Another way to classify a conic section when it is in the general form is to use the discriminant, like from the Quadratic Formula. The discriminant is what is underneath the radical, b^2-4ac , and we can use this to determine if the conic is a parabola, circle, ellipse, or hyperbola. If the general form of the equation is Ax^2+Bxy+Cy^2+Dx+Ey+F=0 , where B=0 , then the discriminant will be B^2-4AC .

Use the table below:

B^2-4AC=0 and A=0 or C=0 Parabola
B^2-4AC<0 and A=C Circle
B^2-4AC<0 and A \ne C Ellipse
B^2-4AC>0 Hyperbola

Example A

Use the discriminant to determine the type conic: x^2-4y^2+5x-8y+16=0 .

Solution: A=1 , B=0 , and C=-4

0^2-4(1)(-4)=16 This is a hyperbola.

Example B

Use the discriminant to determine the type of conic: 3x^2+3y^2-9x-12y-20=0

Solution: A=3 , B=0 , C=3

0^2-4(3)(3)=-36 Because A=C and the discriminant is less than zero, this is a circle.

Example C

Use the discriminant to determine the type of conic. Then, change the equation into standard form to verify your answer. Find the center or vertex, if it is a parabola. x^2+y^2-6x+14y-86=0

Solution: A=1, \ B=0, \ C=1 This is a circle.

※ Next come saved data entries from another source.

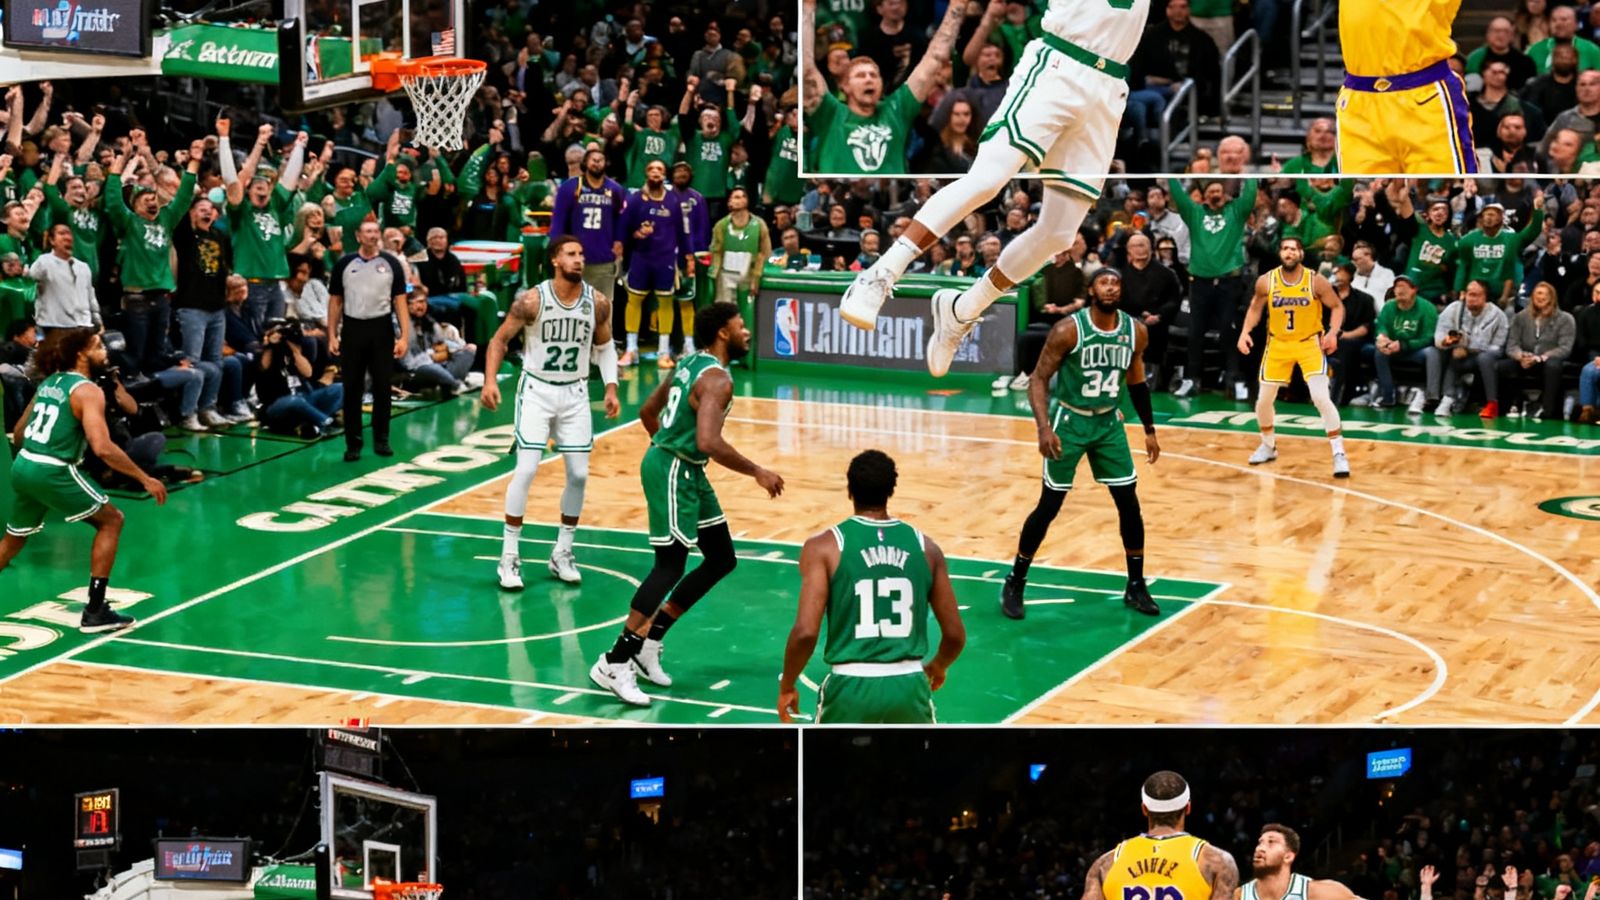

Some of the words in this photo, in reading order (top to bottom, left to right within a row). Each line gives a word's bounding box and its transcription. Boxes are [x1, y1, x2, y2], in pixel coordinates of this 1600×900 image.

[541, 345, 579, 372] 23
[1081, 369, 1120, 398] 34
[854, 576, 914, 639] 13
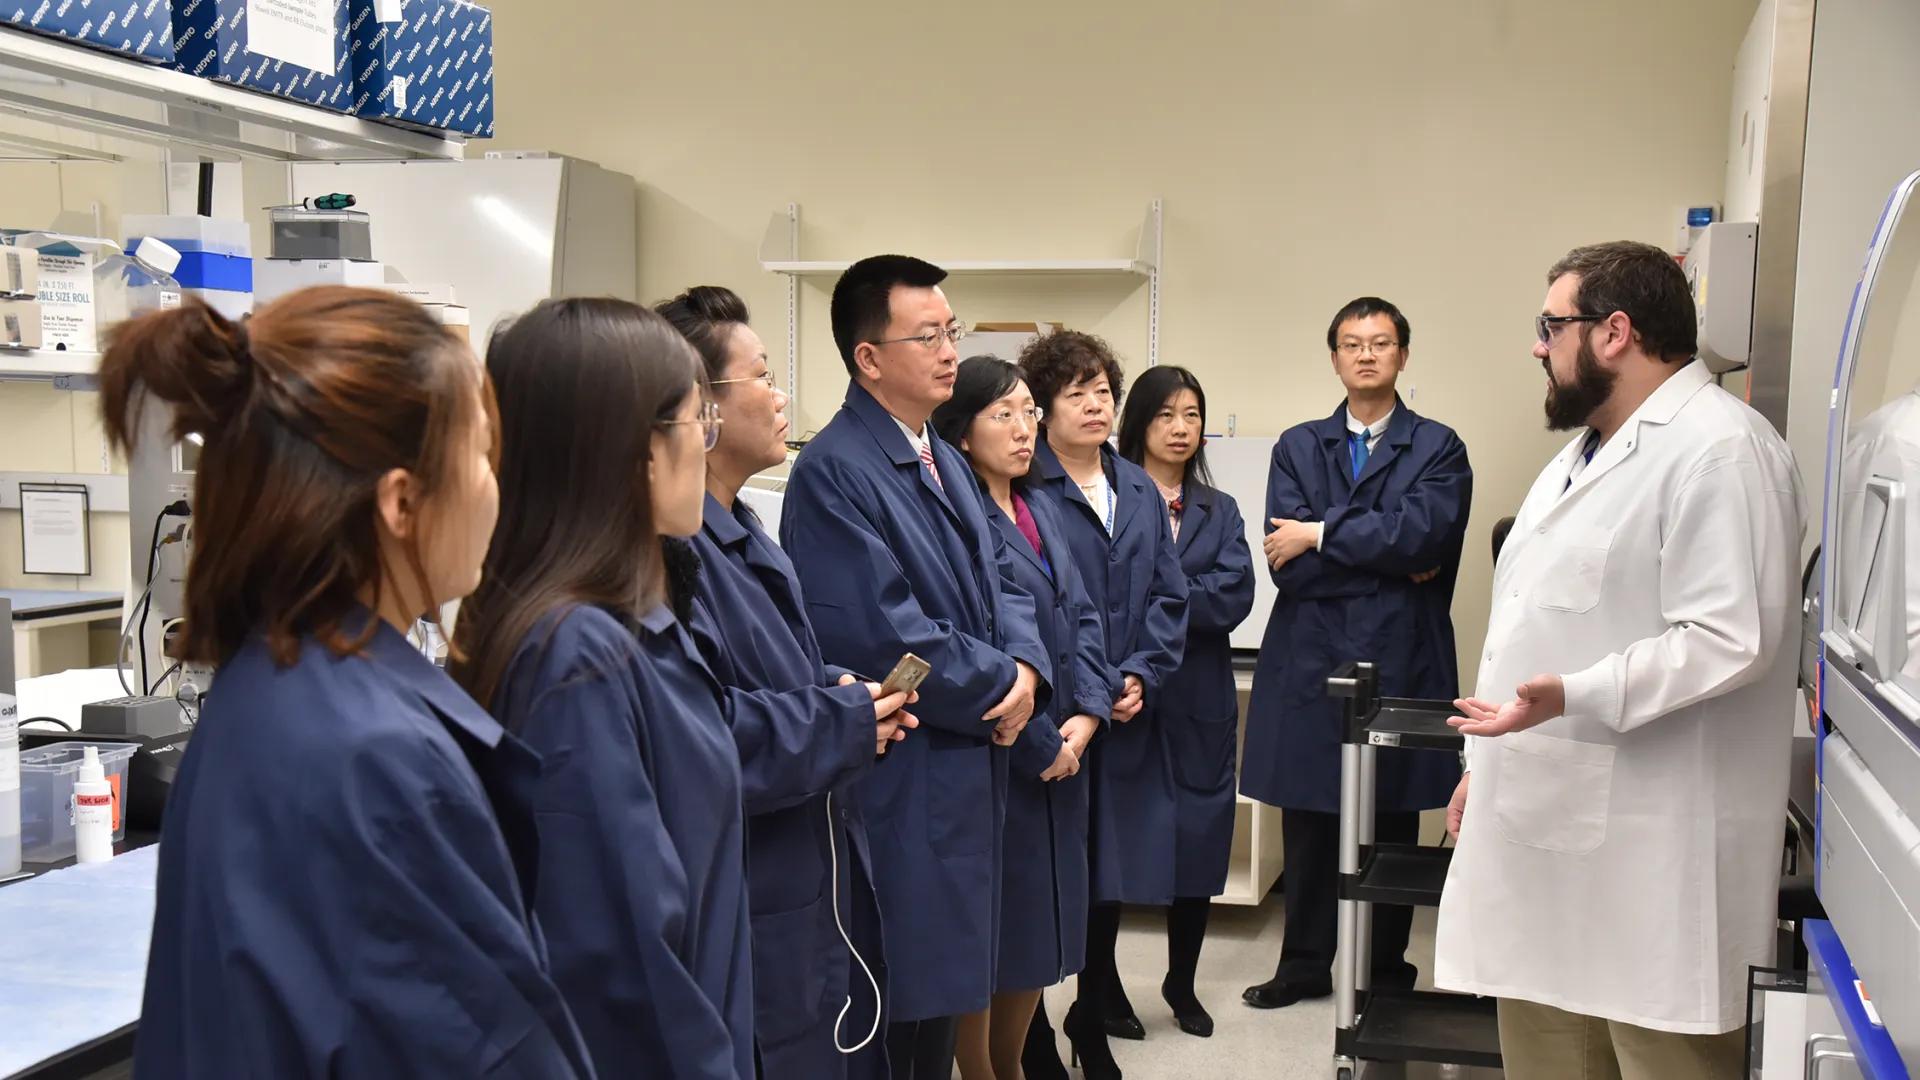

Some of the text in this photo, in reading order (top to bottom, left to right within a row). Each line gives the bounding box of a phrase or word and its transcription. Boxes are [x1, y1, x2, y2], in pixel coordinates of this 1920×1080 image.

[98, 11, 115, 37] QIAGEN
[121, 2, 139, 28] QIAGEN
[229, 7, 245, 30] QIAGEN
[352, 6, 371, 30] QIAGEN
[413, 12, 428, 33] QIAGEN
[432, 5, 446, 27] QIAGEN
[204, 14, 225, 39] QIAGEN
[369, 23, 389, 50] QIAGEN
[394, 19, 409, 40] QIAGEN
[443, 27, 457, 48] QIAGEN
[460, 20, 474, 41] QIAGEN
[136, 29, 154, 55] QIAGEN
[223, 40, 239, 64] QIAGEN
[407, 41, 421, 63] QIAGEN
[425, 34, 440, 56] QIAGEN
[471, 42, 485, 63] QIAGEN
[193, 49, 217, 76] QIAGEN
[255, 58, 270, 80] QIAGEN
[336, 50, 348, 72] QIAGEN
[386, 48, 402, 71] QIAGEN
[437, 56, 451, 78] QIAGEN
[454, 49, 468, 71] QIAGEN
[360, 59, 379, 83] QIAGEN
[419, 64, 433, 86] QIAGEN
[465, 71, 479, 92] QIAGEN
[284, 73, 300, 97] QIAGEN
[330, 82, 343, 104] QIAGEN
[448, 79, 462, 100] QIAGEN
[351, 91, 370, 115] QIAGEN
[412, 94, 426, 116] QIAGEN
[430, 86, 444, 108] QIAGEN
[476, 93, 489, 113] QIAGEN
[458, 100, 473, 121] QIAGEN
[37, 290, 54, 301] UBLE
[55, 291, 70, 302] SIZE
[72, 293, 91, 304] ROLL

(x^2-6x+9)+(y^2+14y+49)&=86+49+9 \\(x-3)^2+(y+7)^2 &=144

The center is (3, \ -7) .

Intro Problem Revisit First we need to rewrite the equation is standard form.

x^2 + 3xy = -5y^2 -10x^2 + 3xy + 5y^2 + 10 = 0

Now we can use the discriminant to find the type of conic section represented by the equation.

A=1, \ B=3, \ C=5

3^2-4(1)(5)=-11 Because A \ne C and the discriminant is less than zero, this equation represents an ellipse.

Guided Practice

Use the discriminant to determine the type of conic.

1. 2x^2+5y^2-8x+25y+115=0

2. 5y^2-9x-10y-14=0

3. Use the discriminant to determine the type of conic. Then, change the equation into standard form to verify your answer. Find the center or vertex, if it is a parabola.

-4x^2+3y^2-8x+24y+32=0

Answers

1. 0^2-4(2)(5)=-40 , this is an ellipse.

2. 0^2-4(0)(5)=0 , this is a parabola.

3. 0^2-4(-4)(3)=48 , this is a hyperbola. Changing it to standard form, we have:

(-4x^2-8x)+(3y^2+24y) &=-32 \\-4(x^2+2x+1)+3(y^2+8y+16) &=-32+48-4 \\-4(x+1)^2+3(y+4)^2 &=12 \\\frac{-(x+1)^2}{3}+\frac{(y+4)^2}{4} &=1

Usually, we write the negative term second, so the equation is \frac{(y+4)^2}{4} - \frac{(x+1)^2}{3}=1 . The center is (-1, -4) .

Vocabulary

Discriminant
When referring to the general second-degree equation, Ax^2+Bxy+Cy^2+Dx+Ey+F=0 , the discriminant is B^2-4AC and it determines the type of conic the equation represents.

Practice

Use the discriminant to determine the type of conic each equation represents.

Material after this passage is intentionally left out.